Violet Weston is the sharp-tongued, nasty piece of work at the center of Tracy Letts’ brilliant family dissection August: Osage County. Violet can be awfully unpleasant, but she has her reasons, as do all the others in this play that is rich in symbolism but played with a tough realism.

Any good production of this Pulitzer Prize-winning play starts with a ferocious, vulgar, and yet sympathetic Violet, the matriarch of an Oklahoma family in transition. Janet Rich is all of that and more in Ypsilanti’s PTD Productions presentation of Letts’ play. She grumbles, complains, coos, and rages in the face of a tragedy that briefly unites her broken family.

Oklahoma in August is dry, hot, and a regular target for tornados. It’s a rough country that was briefly given to Native Americans as an Indian Territory until white settlers saw opportunities and took it back. Beverly and Violet Weston are products of this arid place, but not quite typical of others around them. Beverly was a promising young poet and scholar of poetry and Violet was his muse, until alcohol, boredom, and writer’s block changed everything, The couple’s social progress from hard-scrabble, redneck Depression-era survivors to the parents for three college-educated daughters in their 40s with a different view of the world is a template of America’s rising middle class in the mid-1900s.

One day, as advancing old age and impotent rage begin to take over, Beverly leaves his wife under the care of a young Cheyenne woman and never returns. This sets in motion a gathering of the clan and an alternately ribald, humorous, and heartbreaking exchange of grievances.

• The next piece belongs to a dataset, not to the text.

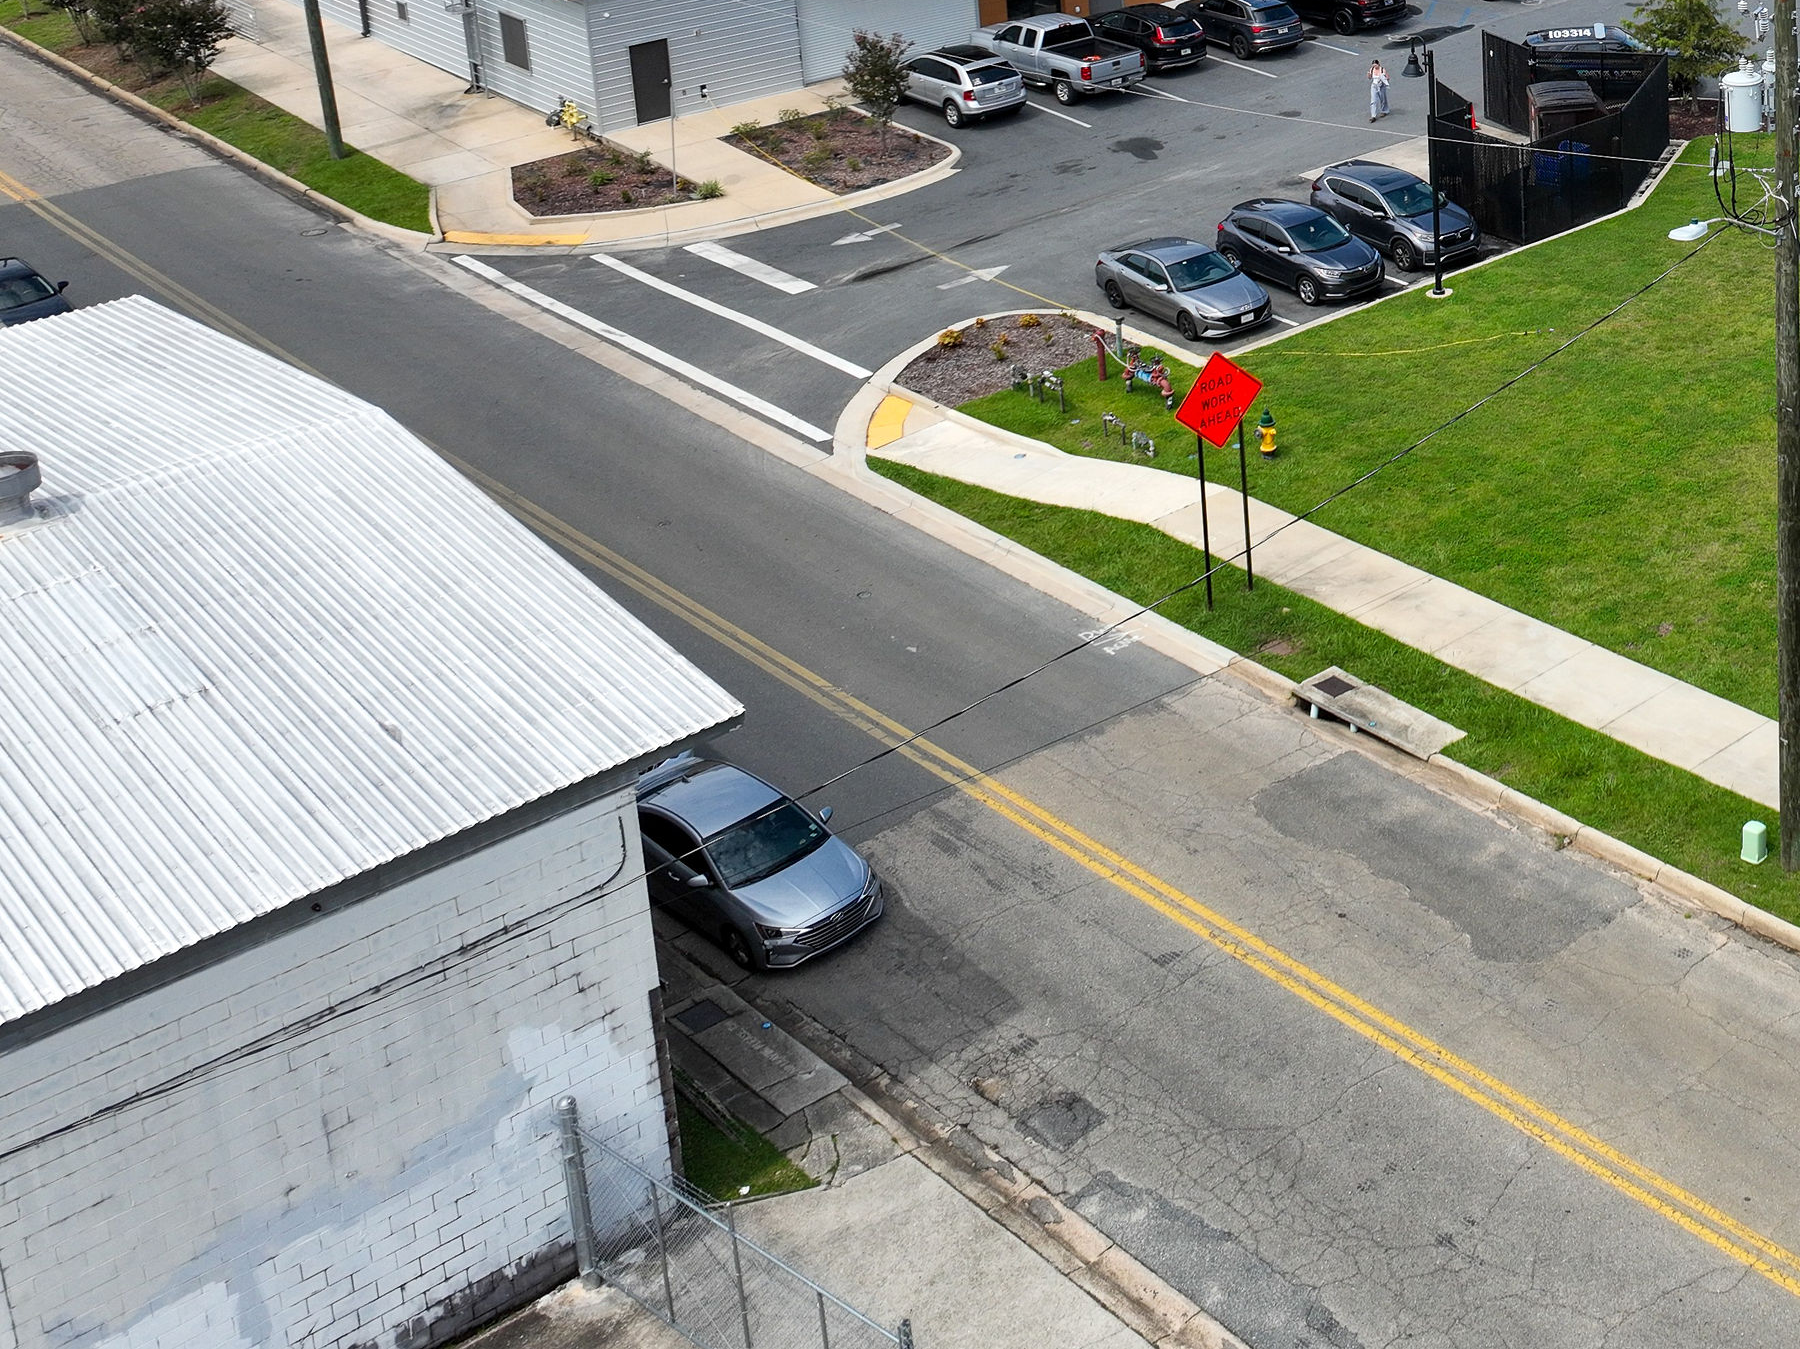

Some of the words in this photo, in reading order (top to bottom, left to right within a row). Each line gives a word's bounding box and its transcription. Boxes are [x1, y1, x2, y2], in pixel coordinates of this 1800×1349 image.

Director Liz Greaves-Hoxie brings fluid direction to a complex, rough but also delicate play. Her actors are not equally proficient but they all give honest and hard-earned performances. The central drama between Violet and her daughters, particularly her oldest, is played with a wide range of emotional and physical styles from the needle of a snide remark to outright assault to moments of awkward tenderness. The mix of black comedy and abrasive drama is seamless.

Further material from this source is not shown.